1. appointing John Dalli as his adviser and making him the government’s consultant on healthcare when the European Commission is still investigating him for multiple violations of the Commissioner’s Code of Conduct (let alone the law);

2. for the prime minister’s migrant push-back position before the European Court of Justice intervened; and

3. for going ahead with the shameful citizenship sale in full defiance of an overwhelming resolution against it by the European Parliament, and despite EU Commissioner Reding’s clear and strong objections to it and her declaration that no, she had not been consulted on the matter.

The Maltese government think they know how much cash they will rake in through their ‘get-rich-quick’ scheme. They still have no idea how much it will cost them. Or rather, how much it will cost us.




60 Comments Comment

  1. Makjavel says:

    Somebody tell Joseph that it takes two to Tango, and that does not include the sleeping partner, but the sparring partner.

    The coffee is being sent back for the PM to swallow.

  2. one of us says:

    The Cabinet is holding a scheduled meeting tomorrow in the Imperial Band Club in Mellieha. This is to fulfill it’s pledge of ‘listening to the people’ Shall we hire a charabanc and all go and tell them what we think of their citizenship sale? And will they listen d’you think?

  3. La Redoute says:

    It was the European Court of Human Rights, and not the European Court of Justice, that ruled against Muscat’s pushback last summer.

    Barely five months into office, Muscat already had a human rights violation ruling against his government.

  4. P Shaw says:

    I guess that a lot of Malta’s economic policies will be scrutinized – the gaming industry and the reduced tax policies in the financial services will be the first targets.

    Joseph Muscat will learn the hard way that dealing with the EU is not the same as (i) scheming to becoming a political party leader, or (ii) playing a shallow an an unethical game to win the general election where the mass majority of the population are not sophisticated and vastly uneducated, or for that matters (iii) putting demands, as a single spoilt brat, in a family with aged parents, who drove their kid to primary school so as not to wake up early like the other kids and catch the school bus.

    • albona says:

      Yes, well, when you play the game by the rules and build up positive capital you get the kind of breaks awarded to Malta under the PN: a blind eye to lax financial laws, a low corporate tax base similar to that conceded to Ireland, igaming, an EU agency way before other much larger countries were given one, being placed in a higher EU funding tier than we were legally entitled to especially considering we are now better off than most of southern Europe, a high-profile portfolio in the Commission, namely Health, Food Safety – Sanco, and the list goes on and on.

      Now we are set to lose all of this. Wake up and smell the tea and four sugars you drink from that clear glass you no doubt drink from.

  5. Alexander Ball says:

    Is the secrecy clause still included in the law as it is today?
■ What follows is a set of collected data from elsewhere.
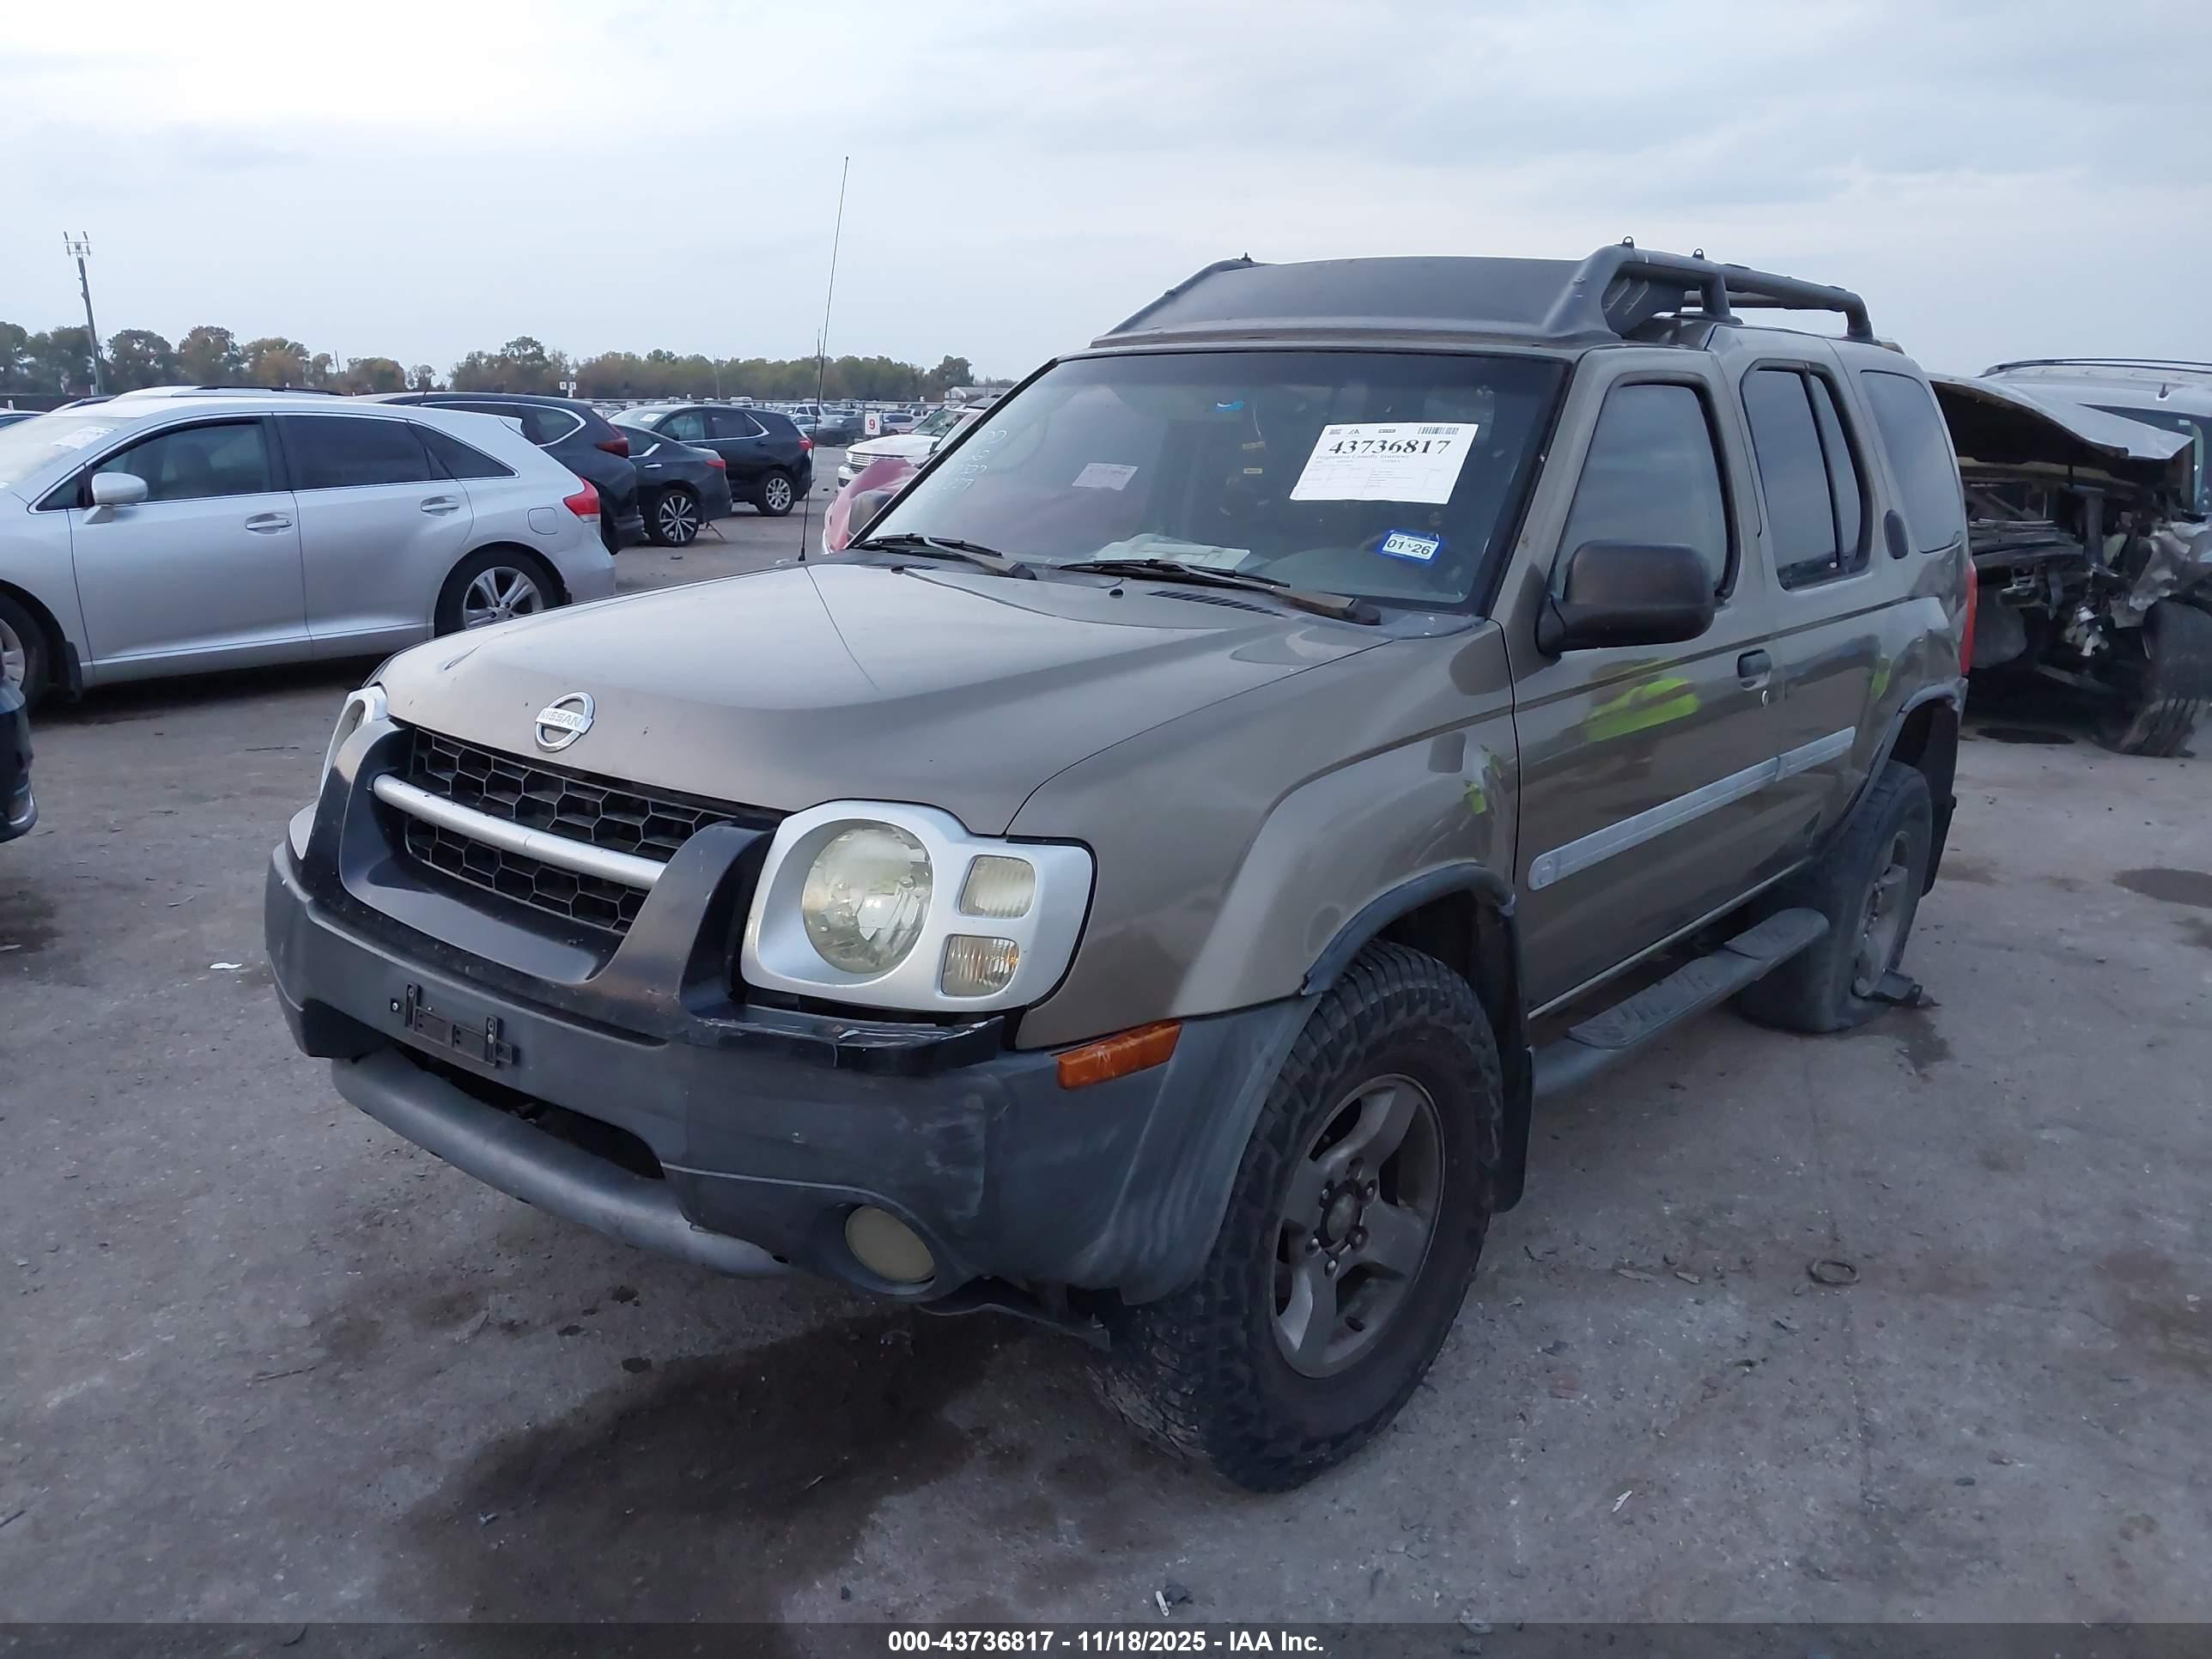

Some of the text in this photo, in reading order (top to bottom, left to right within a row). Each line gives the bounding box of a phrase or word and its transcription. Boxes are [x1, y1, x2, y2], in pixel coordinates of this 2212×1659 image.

[868, 418, 876, 430] 9
[1328, 439, 1451, 453] 43736817
[1387, 538, 1406, 550] 01
[1411, 544, 1432, 555] 26
[540, 710, 582, 727] NISSAN
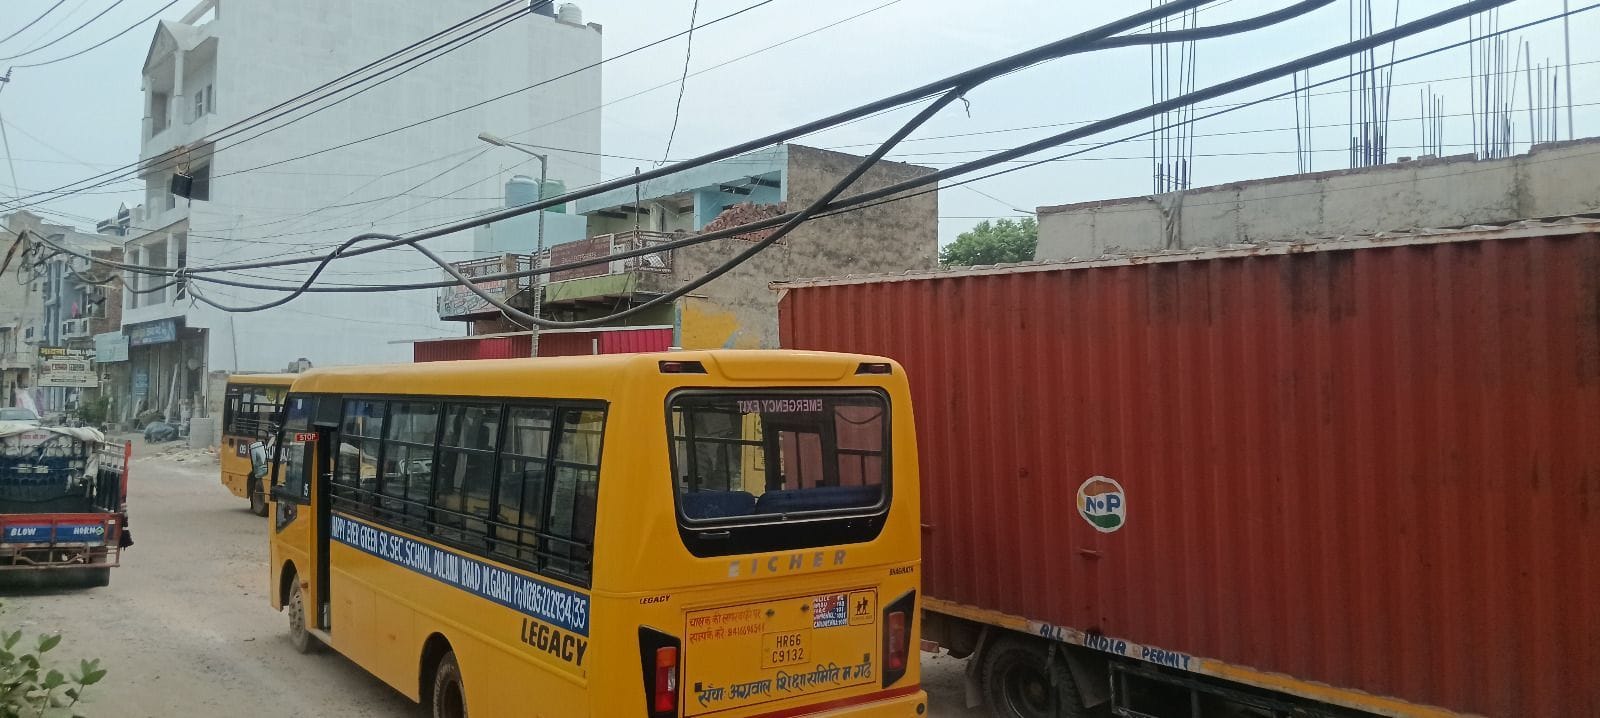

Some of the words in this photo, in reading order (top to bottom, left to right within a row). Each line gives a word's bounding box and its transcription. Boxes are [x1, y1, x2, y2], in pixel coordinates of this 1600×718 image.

Are they selling secret passports right now?

  6. albona says:

    As I have said countless times here on this forum, the ignoring of Muscat at Council meetings was not an accident. Diplomacy is very complex and small things mean a lot.

    It became patently obvious that the diplomatic corps’ of the other Member States were advising their respective Prime Ministers/Presidents to avoid the Maltese after what I call ‘the Enda Kenny incident’ where Muscat literally accosted him, much to Kenny’s (the Irish PM) dismay.

    Malta 2013/2014 = pariah state.

  7. Mark Fenech says:

    I am not surprised at all. It pretty much indicates that the Prime Minister will reap for the country what he has so short-sightedly sowed. What a shame.

  8. Foggy says:

    Yes there are many ways to skin a cat and the bureaucrats of Brussels will have many devices whereby they can show their displeasure.

    What is Muscat’s objection to Ms Darminin? Is she not qualified for the post?

    This is unlikely and, judging from some recent appointments by this government, wouldn’t worry Joseph.

    The most likely answer is that she did not appear on a poster to extol the virtues of the great leader or, horror of horrors, there may be a blue tinge in her family tree.

  9. Clueless says:

    Joseph Muscat is so incredibly short-sighted that he thinks he can replace the 1 billion Euro funding from the EU with the cash-for-passports scheme.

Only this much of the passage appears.